2That children are sensitive to the distinction between binding and co-reference is confirmed by their better performance on pronouns when bound by a quantified antecedent, which automatically excludes coreferential interpretation, as opposed to the referential antecedent (e.g., CitationChien & Wexler 1990). See CitationElbourne (2005) for the claim that some unpublished results (two sources) show that pronouns are difficult to interpret when bound by either referential or quantified antecedent. One of these publications, a dissertation, contains contradictory results with small sample sizes, and the other one we have not been able to obtain. The field standardly accepts the general result, in many replications.

3Eleven more children with ASD were recruited but were excluded from the study: five children aged between 7 and 12 couldn't complete the task, five children younger than 6, and one 21 years old were excluded in order to keep the age range as close possible to that of the children in the other clinical group.

4Note that all 14 participants recruited in CitationPerovic et al. (2012) and included here are now classified as ALI; see below for details of reclassification of children with ASD according to general language abilities.

5The diagnosis of AS was clinically confirmed for 15 of the children, with all but one functioning at the very high end of the spectrum. In view of the known difficulties between distinguishing high-functioning autism (HFA) and AS (CitationHowlin 2003), the imminent elimination of the AS diagnosis from the DSM–V (for discussion see CitationWorley & Matson 2012), and following the advice of two anonymous reviewers, we included both HFA and AS diagnoses in the current ALN sample.

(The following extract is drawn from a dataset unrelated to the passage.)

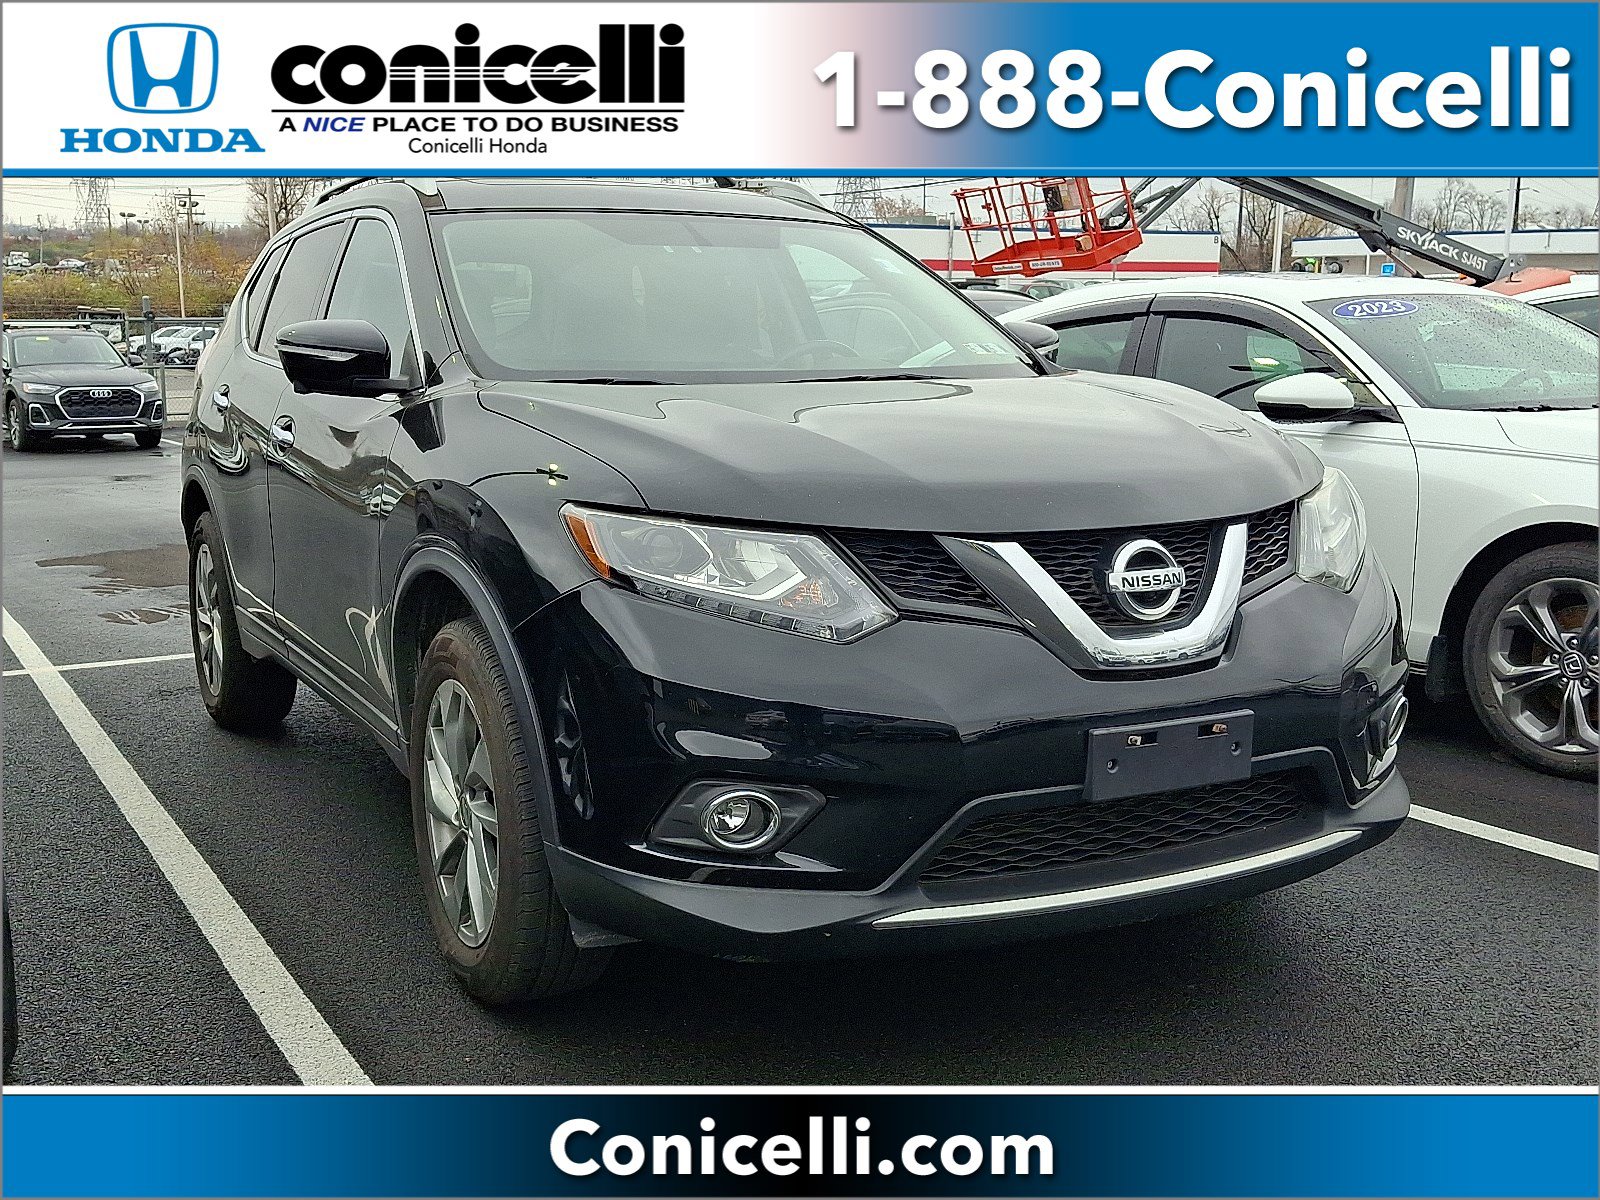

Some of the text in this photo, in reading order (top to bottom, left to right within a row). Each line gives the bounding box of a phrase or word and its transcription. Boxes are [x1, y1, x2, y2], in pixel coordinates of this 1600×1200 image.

[1397, 226, 1488, 271] SKYJACK SJ45T
[1347, 301, 1406, 317] 2023
[1121, 572, 1182, 588] NISSAN

6There were seven children with scores in the impaired range only on one language measure, TROG-2. Four of these children (three with AS) had scores on the two vocabulary measures clearly in the average and even higher than average range: between 104 and 154, with TROG scores above 70: 74, 76, 76 and 78 (scores defined as “borderline” in CitationKjelgaard & Tager-Flusberg 2001). It was decided to classify these children as ALN. The remaining three children were classified as ALI, as their TROG SSs were particularly poor: 55 (below the 1st percentile), 67 (1st percentile), and 69 (in the 2nd percentile; scores defined as “impaired” in CitationKjelgaard & Tager-Flusberg 2001), and just about average on the other measures (SSs between 87 and 93, with one exception of a PPVT SS of 114).

7The number of TD controls is lower than in the ALI group because we could not find matches for two ALI boys whose raw score on the KBIT Matrices was too low (0 and 3), and for two ALI boys who had not been administered the test.

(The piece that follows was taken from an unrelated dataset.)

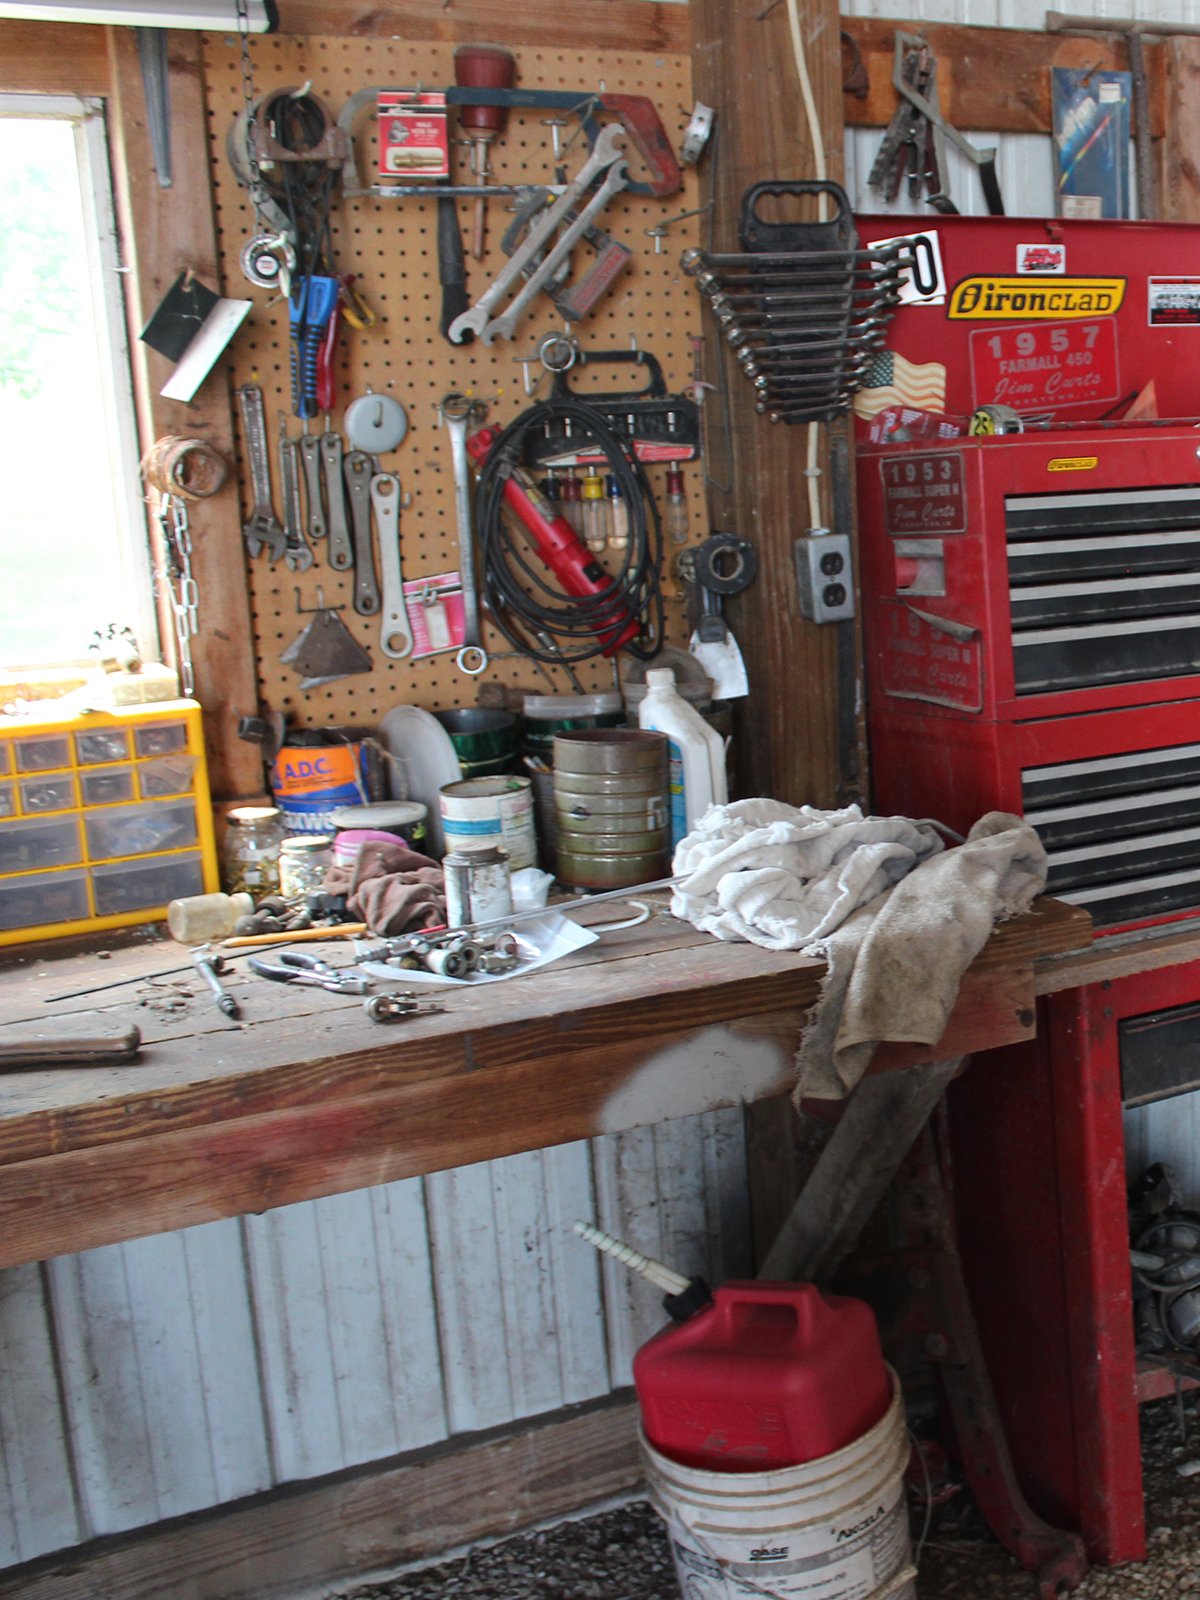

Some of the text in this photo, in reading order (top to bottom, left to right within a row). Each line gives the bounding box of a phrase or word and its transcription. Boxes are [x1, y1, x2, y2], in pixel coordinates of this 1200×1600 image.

[1000, 352, 1093, 375] FARMALL 450
[993, 377, 1035, 404] Jim
[891, 460, 952, 483] 1953
[750, 1546, 790, 1558] CASE

8As a result of their general functioning levels being in the unimpaired range on all available measures, the ALN group did not differ significantly to their controls on CA, KBIT SS, PPVT 3 raw scores, PPVT SS, and TROG 2 raw scores.

9See the discussion soon to follow. We know of no evidence, for example, to suggest that TD children or children with ASD (or any other type of impairment) perform passive or raising movements to positions that don't c-command the trace of movement.

10We are grateful to an anonymous reviewer for this suggestion.

11We say might because it depends on how it is worked out that reflexives must be part of an A-chain. It really would not involve the A-chain Condition as stated, but rather the predictions that reflexives are part of a chain and that a chain involves c-commanding links. So perhaps an incorrectly represented A-chain Condition would mean that children don't know that the links in an A-chain c-command each other in order.

12We do not make this argument for the ALN group, as this group consisted of children diagnosed with both HFA and AS, and the latter is argued not to involve language delays (CitationHowlin 2003).